[Saved entries]
"""
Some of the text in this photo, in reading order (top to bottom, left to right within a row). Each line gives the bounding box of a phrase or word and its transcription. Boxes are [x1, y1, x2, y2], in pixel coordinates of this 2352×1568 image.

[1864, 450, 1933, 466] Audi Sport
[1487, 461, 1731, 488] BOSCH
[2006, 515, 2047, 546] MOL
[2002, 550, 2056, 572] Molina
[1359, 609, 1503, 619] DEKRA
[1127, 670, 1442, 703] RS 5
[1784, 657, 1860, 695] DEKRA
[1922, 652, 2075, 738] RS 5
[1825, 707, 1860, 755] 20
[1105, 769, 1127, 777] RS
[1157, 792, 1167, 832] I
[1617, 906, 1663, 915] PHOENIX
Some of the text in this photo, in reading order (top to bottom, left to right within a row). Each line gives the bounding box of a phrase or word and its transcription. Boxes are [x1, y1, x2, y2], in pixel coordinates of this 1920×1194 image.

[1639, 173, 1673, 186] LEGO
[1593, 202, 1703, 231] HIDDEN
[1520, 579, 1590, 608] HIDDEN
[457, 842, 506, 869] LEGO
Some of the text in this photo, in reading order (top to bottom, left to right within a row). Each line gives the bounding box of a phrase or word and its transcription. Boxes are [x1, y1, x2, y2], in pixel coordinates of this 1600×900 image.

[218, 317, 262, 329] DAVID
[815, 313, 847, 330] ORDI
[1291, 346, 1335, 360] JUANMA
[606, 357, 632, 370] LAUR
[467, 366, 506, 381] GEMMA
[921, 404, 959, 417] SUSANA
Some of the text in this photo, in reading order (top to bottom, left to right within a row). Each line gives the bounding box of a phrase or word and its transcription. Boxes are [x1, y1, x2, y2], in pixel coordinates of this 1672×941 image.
"""
### Problem description
Give back all the data exactly as written.

### Expected answer
Some of the text in this photo, in reading order (top to bottom, left to right within a row). Each line gives the bounding box of a phrase or word and its transcription. Boxes are [x1, y1, x2, y2], in pixel coordinates of this 2352×1568 image.

[1864, 450, 1933, 466] Audi Sport
[1487, 461, 1731, 488] BOSCH
[2006, 515, 2047, 546] MOL
[2002, 550, 2056, 572] Molina
[1359, 609, 1503, 619] DEKRA
[1127, 670, 1442, 703] RS 5
[1784, 657, 1860, 695] DEKRA
[1922, 652, 2075, 738] RS 5
[1825, 707, 1860, 755] 20
[1105, 769, 1127, 777] RS
[1157, 792, 1167, 832] I
[1617, 906, 1663, 915] PHOENIX
Some of the text in this photo, in reading order (top to bottom, left to right within a row). Each line gives the bounding box of a phrase or word and its transcription. Boxes are [x1, y1, x2, y2], in pixel coordinates of this 1920×1194 image.

[1639, 173, 1673, 186] LEGO
[1593, 202, 1703, 231] HIDDEN
[1520, 579, 1590, 608] HIDDEN
[457, 842, 506, 869] LEGO
Some of the text in this photo, in reading order (top to bottom, left to right within a row). Each line gives the bounding box of a phrase or word and its transcription. Boxes are [x1, y1, x2, y2], in pixel coordinates of this 1600×900 image.

[218, 317, 262, 329] DAVID
[815, 313, 847, 330] ORDI
[1291, 346, 1335, 360] JUANMA
[606, 357, 632, 370] LAUR
[467, 366, 506, 381] GEMMA
[921, 404, 959, 417] SUSANA
Some of the text in this photo, in reading order (top to bottom, left to right within a row). Each line gives the bounding box of a phrase or word and its transcription. Boxes are [x1, y1, x2, y2], in pixel coordinates of this 1672×941 image.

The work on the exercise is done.